Diante dessa constatação, especialistas e empreendedores do setor estão tomando iniciativas no sentido de minimizar os problemas e conseguir mecanismos eficientes para enfrentá-lo em prazos médios e curtos.
Diante da evidência de que é preciso agir com rapidez, o setor industrial está disponibilizando R$ 10,5 bilhões para serem aplicados na educação profissional e na ampliação de vagas na rede de ensino gerenciada pelo Serviço Social da Indústria (Sesi) e Serviço Nacional da Indústria (Senai).
De acordo com Rafael Lucchesi, diretor de Operações da Confederação Nacional da Indústria (CNI), a educação é peça-chave no futuro do país.

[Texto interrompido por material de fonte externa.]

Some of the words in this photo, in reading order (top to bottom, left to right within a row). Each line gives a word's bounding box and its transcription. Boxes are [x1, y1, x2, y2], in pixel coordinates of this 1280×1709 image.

Para o dirigente da CNI, as diretrizes da formação profissional precisam levar em conta pontos como inovação, sustentabilidade, segurança no trabalho, gestão de qualidade e inclusão digital. Segundo ele, até o final de 2010, o país deverá ter uma demanda adicional de 400 mil técnicos em consequência da retomada do crescimento econômico do país.

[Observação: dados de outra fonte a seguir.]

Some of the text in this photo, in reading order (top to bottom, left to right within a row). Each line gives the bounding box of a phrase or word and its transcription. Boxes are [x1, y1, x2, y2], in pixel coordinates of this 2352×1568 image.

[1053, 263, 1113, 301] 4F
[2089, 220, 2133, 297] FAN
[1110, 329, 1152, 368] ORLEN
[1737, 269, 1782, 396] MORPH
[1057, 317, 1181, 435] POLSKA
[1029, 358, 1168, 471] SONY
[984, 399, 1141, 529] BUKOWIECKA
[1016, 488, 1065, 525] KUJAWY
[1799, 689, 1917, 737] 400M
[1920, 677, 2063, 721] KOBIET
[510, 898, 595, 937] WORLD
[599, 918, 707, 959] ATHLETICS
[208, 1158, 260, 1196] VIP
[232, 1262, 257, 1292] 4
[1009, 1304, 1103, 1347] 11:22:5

Isso faz com que o programa Educação para a Nova Indústria, com iniciativas para o triênio 2007-2010, seja considerado decisivo para levar a um equilíbrio entre oferta e procura de mão de obra.
A baixa escolaridade do trabalhador brasileiro é um fator que entrava o desenvolvimento harmonioso de uma nação com boas perspectivas. Nos Estados Unidos e na Europa, a média escolar é de 12 anos.
Na Coreia do Sul, de dez anos. No Brasil, cai para apenas cinco anos. Os números servem para explicar por que ainda não conseguimos resultados melhores e somos sempre um país do futuro.
Ao desafio de ampliar a qualificação profissional soma-se a questão de localização da força de trabalho. O quadro indica um redesenho, fruto da regionalização crescente das empresas, tornando o mercado de trabalho cada vez mais nacional.
Não apenas nas grandes cidades, mas também nos pequenos municípios, será necessário o concurso de técnicos e de graduados.
Ante as dificuldades do poder público de propiciar aos alunos formação adequada, a indústria e outros segmentos estão tomando a dianteira e realizando investimentos próprios.